Meet OIF Ghana

My name is Justina Yiadom-Boakye, a mother to a child living with Osteogenesis Imperfecta. I am also the founder and the current President of OIF-Ghana, who recently became a member of the OIFE. Though it might be difficult to give the exact number of people living with the condition here in Ghana, however, using the statistical estimate of one out of every fifteen thousand people ratio, we estimate a total number of about two thousand people living with the condition in Ghana given our total population of about thirty million.

It can be hard for people with OI to find small enough wheelchairs in Ghana.

Some of the major challenges facing people living with the condition in Ghana includes the following:

  • Bisphosphonate drug Pamidronate is not readily available.
  • Mobility aids especially for their small sizes are not readily available and expensive.
  • Those we have identified currently have no form of corrective surgeries done for them. As a result of this, most of them have severe limbs and spine deformities.
  • Most of the children we have identified have been abandoned by their fathers, living the mothers to care for them on their own.

OIF Ghana was founded on 6th May, 2017. Our main mission is to improve the quality of life of people with OI in Ghana through Education, Awareness Creation, Treatments and Mutual support. We currently have seven OI children we are working with. Most of the people we have identified got to know of us through our limited awareness creation and publicity activities.

As a young institution, our biggest challenge has always been funding. This includes the following:

  • Funding for the medical cost of Pamidronate administration to the affected children identified.
  • Inadequate funding in executing our educational and awareness creation campaigns. across the country.
  • Unavailability of funds to assist affected children to have corrective surgeries on their severe limbs deformities.
  • We are currently in need of an office space to help us expand our operations.
Creating awareness on Wishbone Day

OIF Ghana has lined up a couple of projects it hopes to execute in the nearest future. Some of these projects are listed as follows:

  • To organize a large scale publicity campaign in Ghana aimed at educating Ghanaians about the condition and to seek better living conditions for people with OI with the relevant government bodies and agencies.
  • We look forward to train representatives’ volunteers across all the 16 regions of Ghana before the end of 2020 to help affected families in the respective regions.
  • To pursue for the setup of a medical team that will be in charge of handling OI cases in all the teaching Hospitals in Ghana.
  • Our greatest aspiration is to have a specialized OI clinic within the Central Regional Teaching Hospital where OI patients will be given proper care and attention every half year.
  • We also hope to put up a fund which will be used to assist OI patients financially with surgical operations. This is particularly dear to us because even though we have an orthopedic surgeon here in Ghana that can perform such surgeries, there are no funds to buy rods needed for the operation. We hope that with a fund set up if possible, we can assist affected individuals and their families to ease the expensive financial burden associated with OI surgeries. This fund will help us to hit our target of assisting in rodding at least a child each year.

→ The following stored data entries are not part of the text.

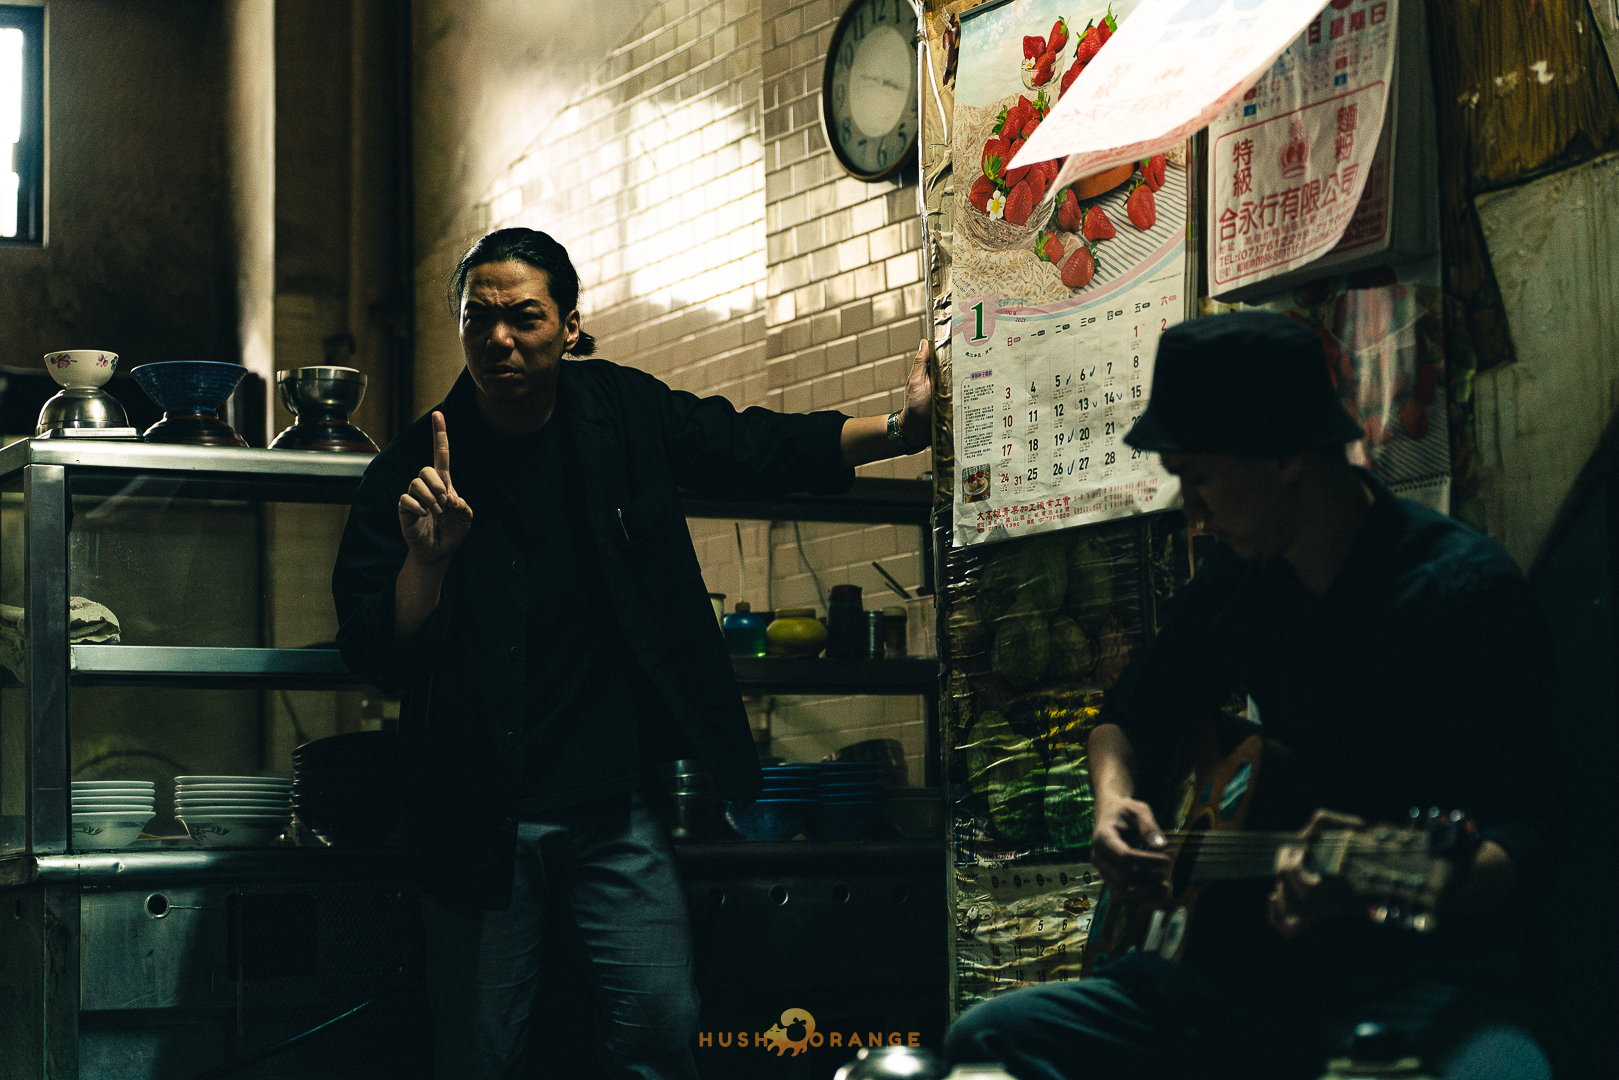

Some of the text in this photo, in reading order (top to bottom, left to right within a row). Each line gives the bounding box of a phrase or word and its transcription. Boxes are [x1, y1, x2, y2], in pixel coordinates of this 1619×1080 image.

[853, 13, 864, 41] 11
[834, 82, 846, 113] 9
[842, 117, 851, 145] 8
[897, 122, 907, 154] 5
[857, 138, 867, 165] 7
[877, 137, 887, 169] 6
[1233, 138, 1254, 198] 特級
[1219, 163, 1360, 242] 台永行有限公司
[970, 301, 988, 341] 1
[1007, 337, 1013, 347] 日
[1055, 325, 1062, 334] 二
[1080, 317, 1087, 327] 三
[1106, 310, 1114, 320] 四
[1134, 302, 1142, 313] 五
[1161, 296, 1168, 306] 六
[1133, 318, 1168, 337] 1 2
[1005, 387, 1011, 399] 3
[1030, 381, 1036, 393] 4
[1055, 375, 1060, 387] 5
[1080, 368, 1086, 381] 6
[1106, 362, 1112, 374] 7
[1133, 355, 1139, 368] 8
[1003, 385, 1142, 428] 10 11 12 13 14 15
[1001, 443, 1012, 456] 17
[1028, 438, 1038, 452] 18
[1054, 433, 1064, 446] 19
[1079, 427, 1090, 441] 20
[1105, 421, 1114, 435] 21
[1000, 473, 1009, 483] 24
[1014, 475, 1022, 486] 31
[1027, 467, 1038, 481] 25
[1053, 462, 1063, 476] 26
[1078, 456, 1089, 471] 27
[1104, 451, 1115, 465] 28
[1037, 919, 1044, 931] 5
[1062, 918, 1068, 931] 6
[1086, 918, 1092, 930] 7
[1013, 944, 1022, 957] 11
[1035, 944, 1045, 957] 12
[1014, 969, 1024, 982] 18
[1036, 969, 1046, 982] 19
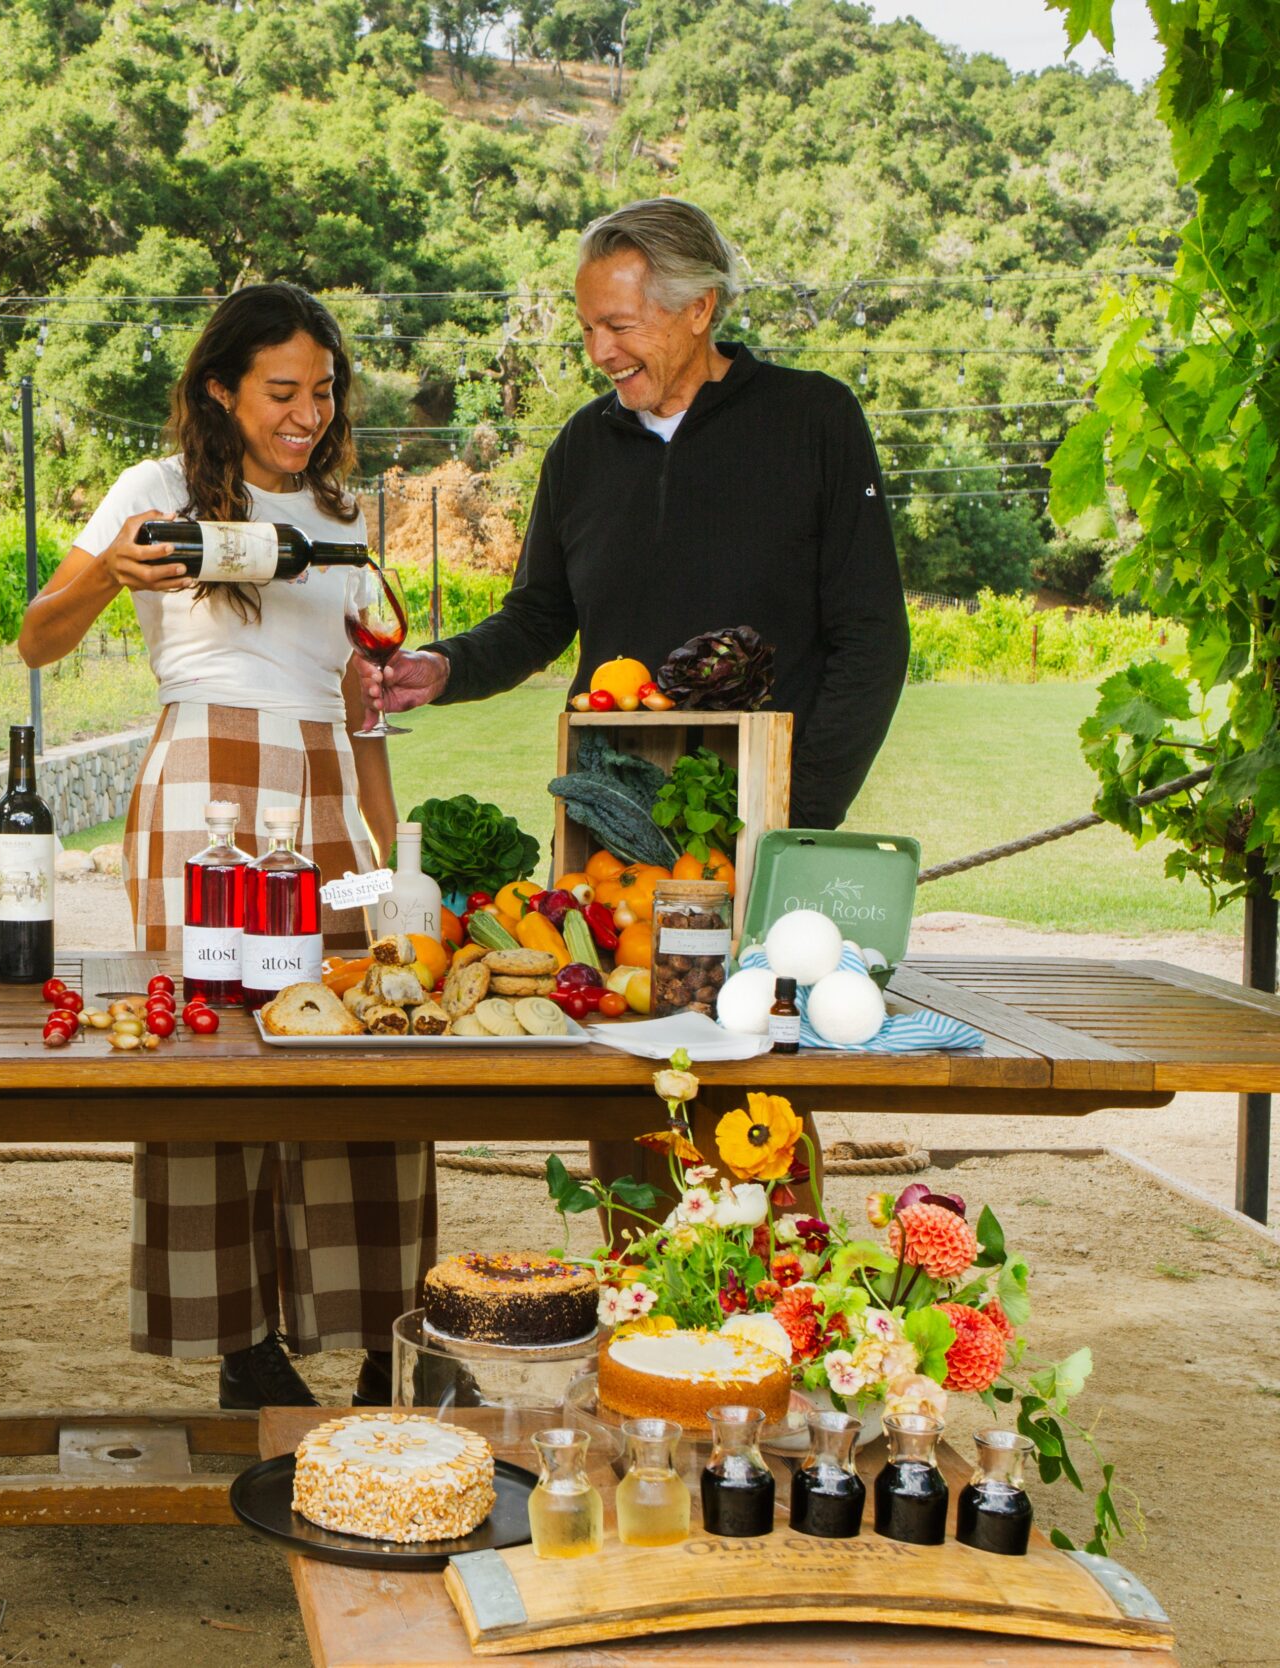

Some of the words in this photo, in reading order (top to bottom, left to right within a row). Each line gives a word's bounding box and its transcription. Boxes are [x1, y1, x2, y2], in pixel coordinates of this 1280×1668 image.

[323, 886, 353, 900] bliss
[383, 900, 398, 919] O
[832, 900, 886, 921] Roots
[423, 911, 434, 931] R
[683, 1538, 767, 1555] OLD
[784, 1538, 919, 1557] CREEK

Amongst our great successes, we are the first and only institution in Ghana that has brought OI to the limelight. Though the awareness on OI is very inadequate, we have been able to clear some doubts in the minds of most Ghanaians who supposed OI to be a ‘strange’ sickness. Considering the limited resources available to us, we can confidently refer to this as great success.

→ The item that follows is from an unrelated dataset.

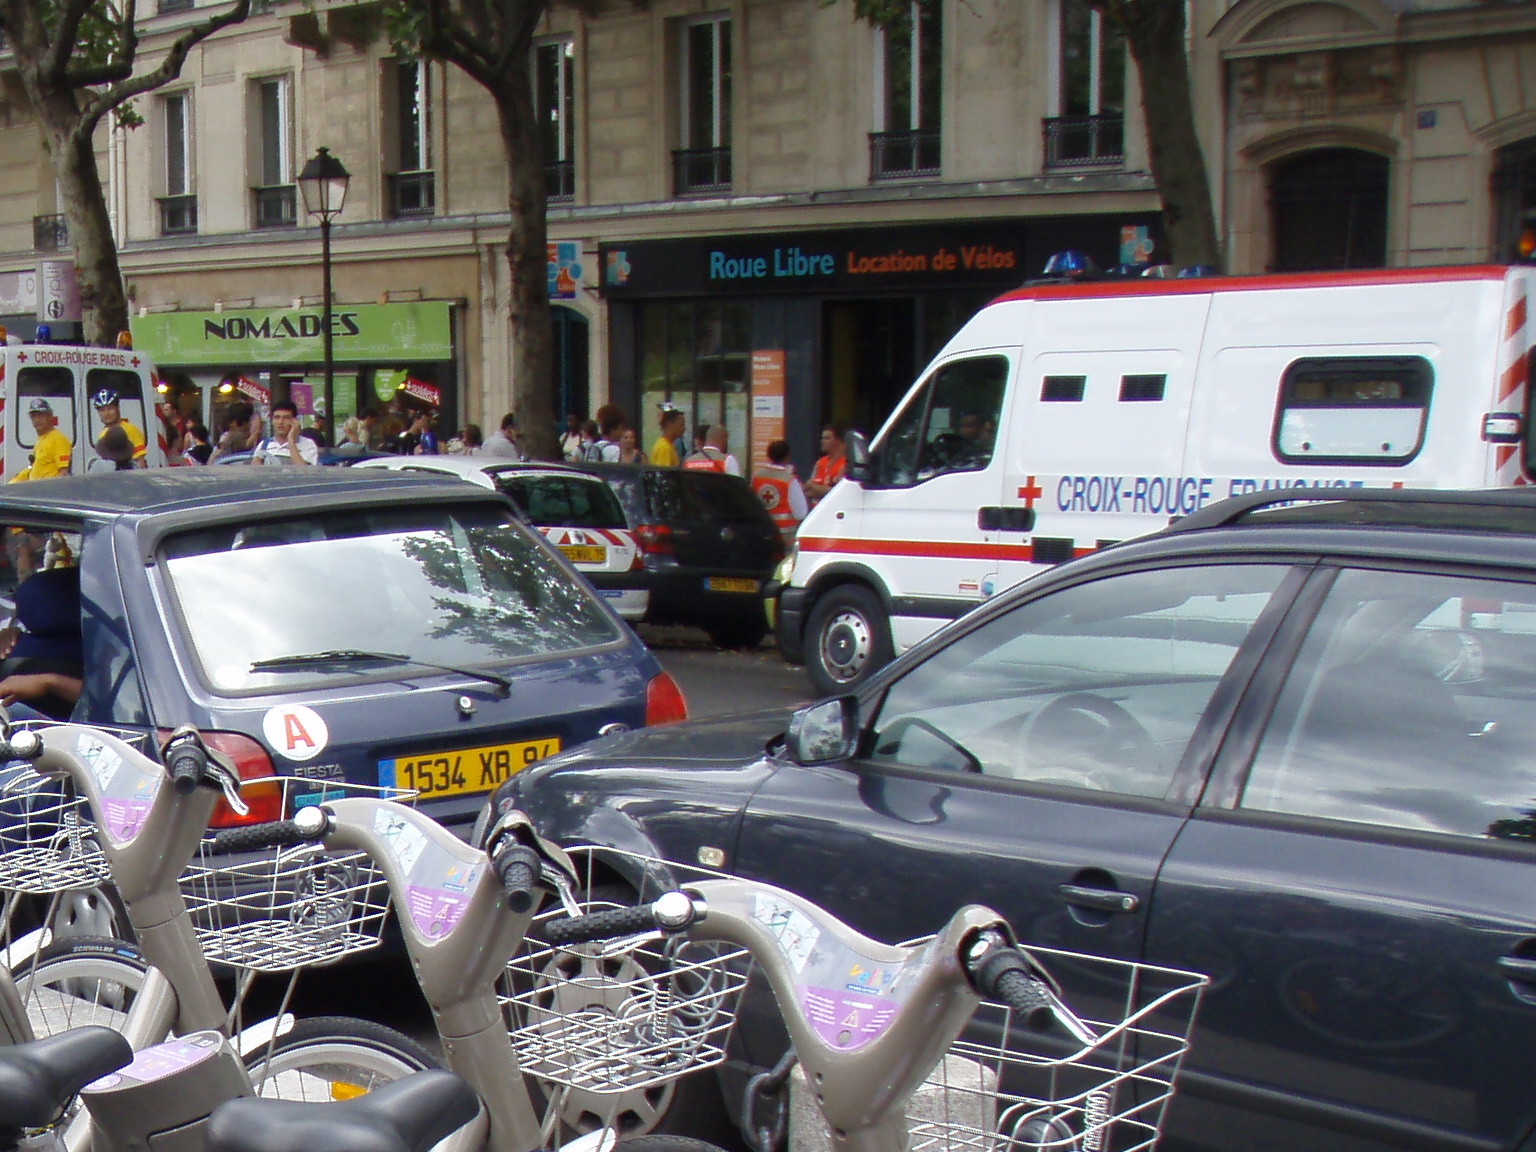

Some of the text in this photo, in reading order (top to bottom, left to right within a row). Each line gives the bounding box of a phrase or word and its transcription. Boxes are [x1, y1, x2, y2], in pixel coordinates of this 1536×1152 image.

Creating awareness about OI on Wishbone Day

Also, another success we can boast of is that, all the children we have identified are put on Pamidronate infusion for free with all medical bills born by the organization. We have also provided mobility aids for such persons with the help of our cherished donors.

With all that have been said, we look forward to working with you closely to help build and grow our capacities as an infant organization to help give OI the attention it needs most especially in developing countries like Ghana.

Below you can meet our ambassador Ayeyi, who’s 8 years old, who was recently featured on BBC Africa.

The girl with brittle bones who loves to dance – BBC Africa Life Clinic

"I can't stretch my arms, but I can stretch my brain … so that I can do great things."Eight year-old Ayeyi has a condition that can cause bones to break at the slightest movement. But despite the pain a fracture brings, Ayeyi loves to dance and refuses to let her condition define her.